* Instructions for the task *
Each entry in the listing below should be returned precisely as it is.

[Start of Attachment]

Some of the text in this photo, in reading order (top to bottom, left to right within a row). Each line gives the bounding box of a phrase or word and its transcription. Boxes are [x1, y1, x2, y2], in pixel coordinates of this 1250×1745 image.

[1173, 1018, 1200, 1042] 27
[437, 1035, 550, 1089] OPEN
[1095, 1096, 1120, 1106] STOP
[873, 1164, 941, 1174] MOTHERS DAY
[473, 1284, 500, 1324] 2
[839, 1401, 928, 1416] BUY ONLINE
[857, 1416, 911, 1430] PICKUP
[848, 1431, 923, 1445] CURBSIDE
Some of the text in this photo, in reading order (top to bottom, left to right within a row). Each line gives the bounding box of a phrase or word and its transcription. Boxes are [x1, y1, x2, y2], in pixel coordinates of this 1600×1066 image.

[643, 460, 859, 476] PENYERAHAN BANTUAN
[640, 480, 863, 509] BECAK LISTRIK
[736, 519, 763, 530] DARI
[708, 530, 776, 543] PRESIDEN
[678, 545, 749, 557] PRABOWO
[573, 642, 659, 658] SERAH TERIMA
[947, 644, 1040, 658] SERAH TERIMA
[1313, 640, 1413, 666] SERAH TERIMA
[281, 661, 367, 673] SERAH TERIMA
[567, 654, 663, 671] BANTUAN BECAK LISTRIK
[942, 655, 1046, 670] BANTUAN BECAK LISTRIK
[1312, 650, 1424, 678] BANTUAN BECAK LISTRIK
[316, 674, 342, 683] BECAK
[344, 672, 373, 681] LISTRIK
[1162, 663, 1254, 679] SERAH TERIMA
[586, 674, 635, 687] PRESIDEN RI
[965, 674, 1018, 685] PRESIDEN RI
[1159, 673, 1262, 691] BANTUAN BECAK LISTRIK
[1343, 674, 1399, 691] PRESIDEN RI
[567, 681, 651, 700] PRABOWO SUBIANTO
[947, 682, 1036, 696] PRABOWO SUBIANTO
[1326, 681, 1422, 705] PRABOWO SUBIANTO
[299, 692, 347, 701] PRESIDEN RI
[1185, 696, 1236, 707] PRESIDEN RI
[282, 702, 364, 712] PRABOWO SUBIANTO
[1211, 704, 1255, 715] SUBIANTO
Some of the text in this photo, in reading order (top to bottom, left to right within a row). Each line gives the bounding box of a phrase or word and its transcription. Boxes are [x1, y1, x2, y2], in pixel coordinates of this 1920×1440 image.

[End of Attachment]

* Reply to the exercise *
Some of the text in this photo, in reading order (top to bottom, left to right within a row). Each line gives the bounding box of a phrase or word and its transcription. Boxes are [x1, y1, x2, y2], in pixel coordinates of this 1250×1745 image.

[1173, 1018, 1200, 1042] 27
[437, 1035, 550, 1089] OPEN
[1095, 1096, 1120, 1106] STOP
[873, 1164, 941, 1174] MOTHERS DAY
[473, 1284, 500, 1324] 2
[839, 1401, 928, 1416] BUY ONLINE
[857, 1416, 911, 1430] PICKUP
[848, 1431, 923, 1445] CURBSIDE
Some of the text in this photo, in reading order (top to bottom, left to right within a row). Each line gives the bounding box of a phrase or word and its transcription. Boxes are [x1, y1, x2, y2], in pixel coordinates of this 1600×1066 image.

[643, 460, 859, 476] PENYERAHAN BANTUAN
[640, 480, 863, 509] BECAK LISTRIK
[736, 519, 763, 530] DARI
[708, 530, 776, 543] PRESIDEN
[678, 545, 749, 557] PRABOWO
[573, 642, 659, 658] SERAH TERIMA
[947, 644, 1040, 658] SERAH TERIMA
[1313, 640, 1413, 666] SERAH TERIMA
[281, 661, 367, 673] SERAH TERIMA
[567, 654, 663, 671] BANTUAN BECAK LISTRIK
[942, 655, 1046, 670] BANTUAN BECAK LISTRIK
[1312, 650, 1424, 678] BANTUAN BECAK LISTRIK
[316, 674, 342, 683] BECAK
[344, 672, 373, 681] LISTRIK
[1162, 663, 1254, 679] SERAH TERIMA
[586, 674, 635, 687] PRESIDEN RI
[965, 674, 1018, 685] PRESIDEN RI
[1159, 673, 1262, 691] BANTUAN BECAK LISTRIK
[1343, 674, 1399, 691] PRESIDEN RI
[567, 681, 651, 700] PRABOWO SUBIANTO
[947, 682, 1036, 696] PRABOWO SUBIANTO
[1326, 681, 1422, 705] PRABOWO SUBIANTO
[299, 692, 347, 701] PRESIDEN RI
[1185, 696, 1236, 707] PRESIDEN RI
[282, 702, 364, 712] PRABOWO SUBIANTO
[1211, 704, 1255, 715] SUBIANTO
Some of the text in this photo, in reading order (top to bottom, left to right within a row). Each line gives the bounding box of a phrase or word and its transcription. Boxes are [x1, y1, x2, y2], in pixel coordinates of this 1920×1440 image.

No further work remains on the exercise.